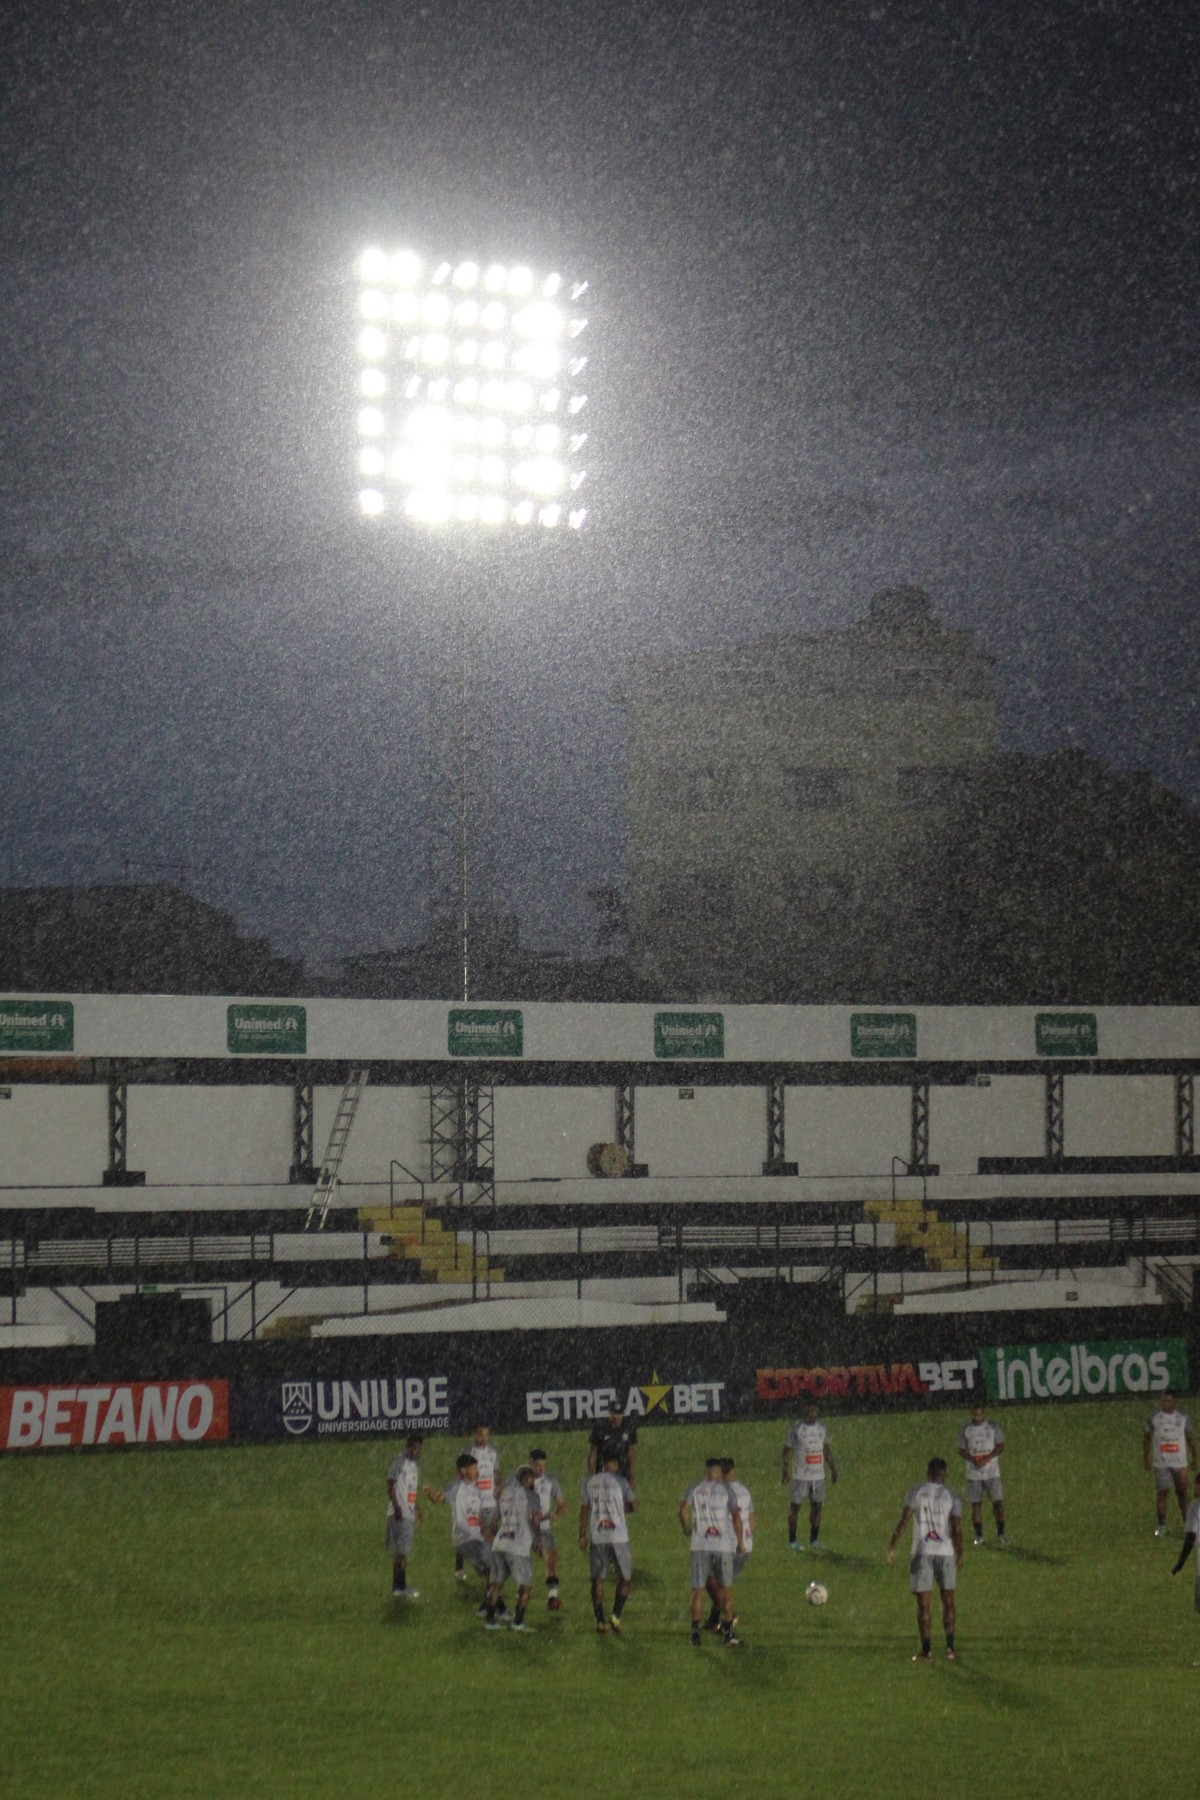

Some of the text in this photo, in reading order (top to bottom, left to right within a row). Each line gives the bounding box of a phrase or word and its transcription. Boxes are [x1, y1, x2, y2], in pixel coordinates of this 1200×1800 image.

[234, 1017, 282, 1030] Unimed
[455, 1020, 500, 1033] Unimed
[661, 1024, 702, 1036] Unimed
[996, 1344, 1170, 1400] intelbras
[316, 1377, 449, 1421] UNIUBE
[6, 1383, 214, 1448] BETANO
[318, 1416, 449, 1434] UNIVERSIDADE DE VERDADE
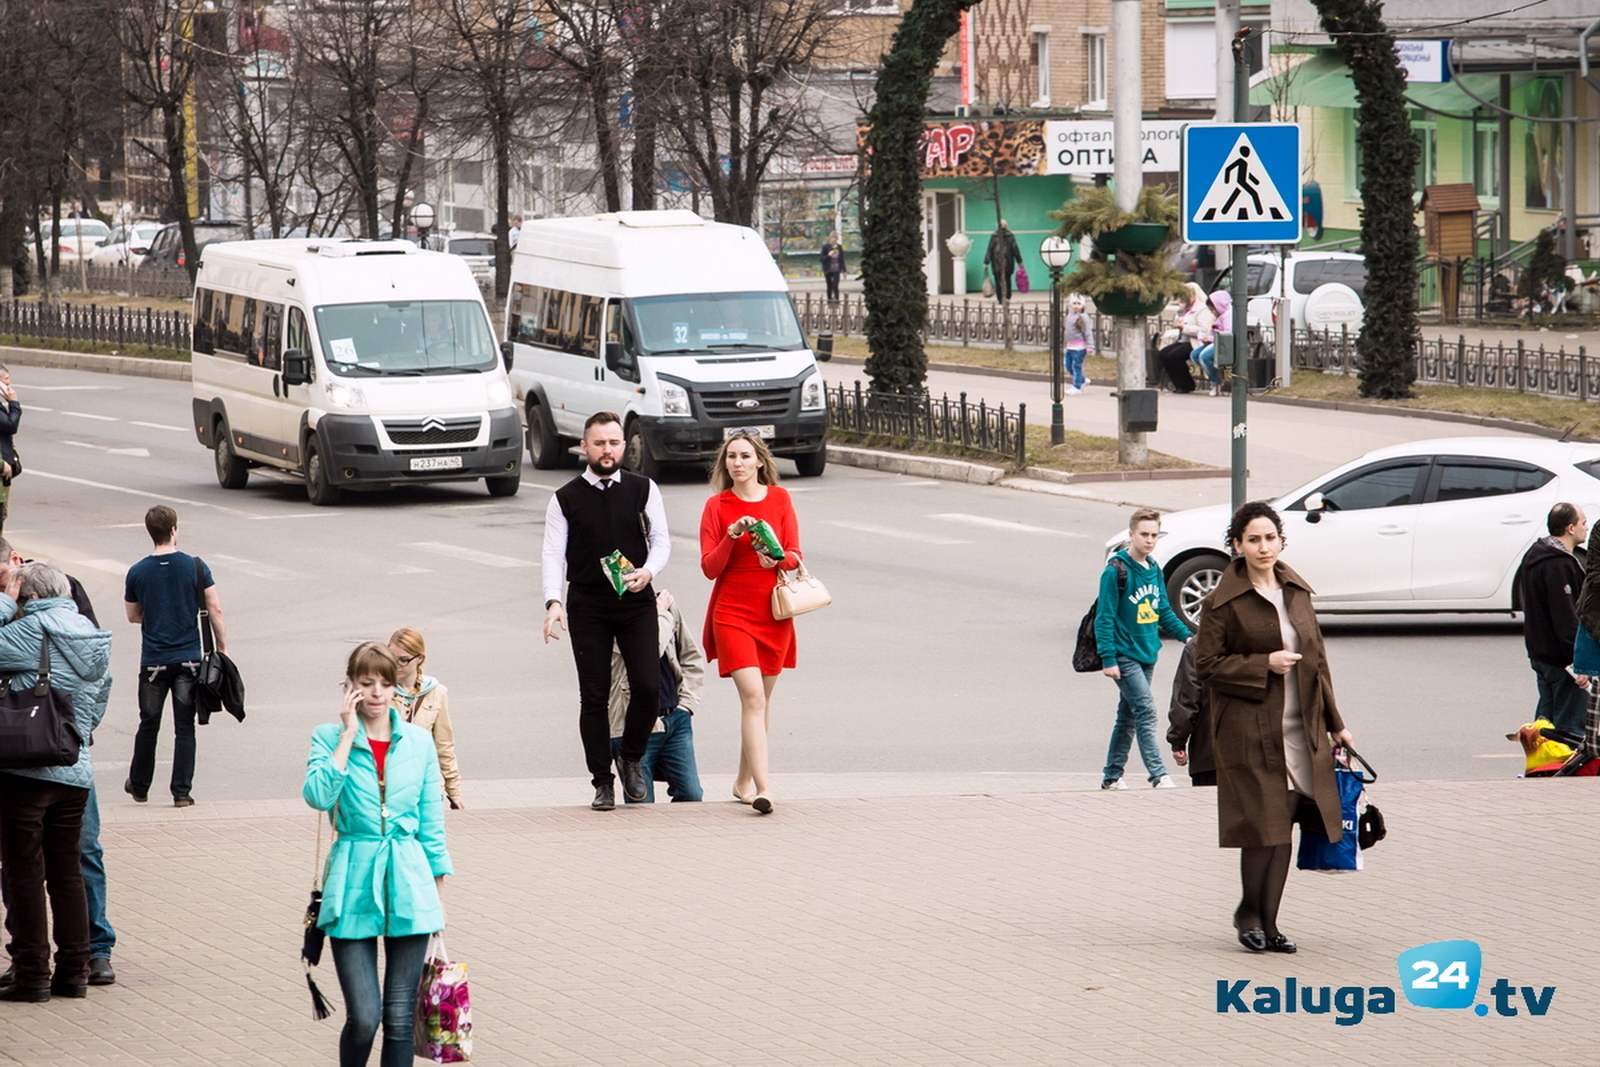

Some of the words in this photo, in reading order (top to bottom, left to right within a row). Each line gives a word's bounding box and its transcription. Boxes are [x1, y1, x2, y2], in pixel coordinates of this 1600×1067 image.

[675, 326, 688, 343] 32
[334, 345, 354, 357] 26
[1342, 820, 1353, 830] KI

====

**Your objective**. Using the material above, extract the line that contains "Some of the words" and every line after it, exactly as given; stop at the last line.

**Solution for this task**.
Some of the words in this photo, in reading order (top to bottom, left to right within a row). Each line gives a word's bounding box and its transcription. Boxes are [x1, y1, x2, y2], in pixel coordinates of this 1600×1067 image.

[675, 326, 688, 343] 32
[334, 345, 354, 357] 26
[1342, 820, 1353, 830] KI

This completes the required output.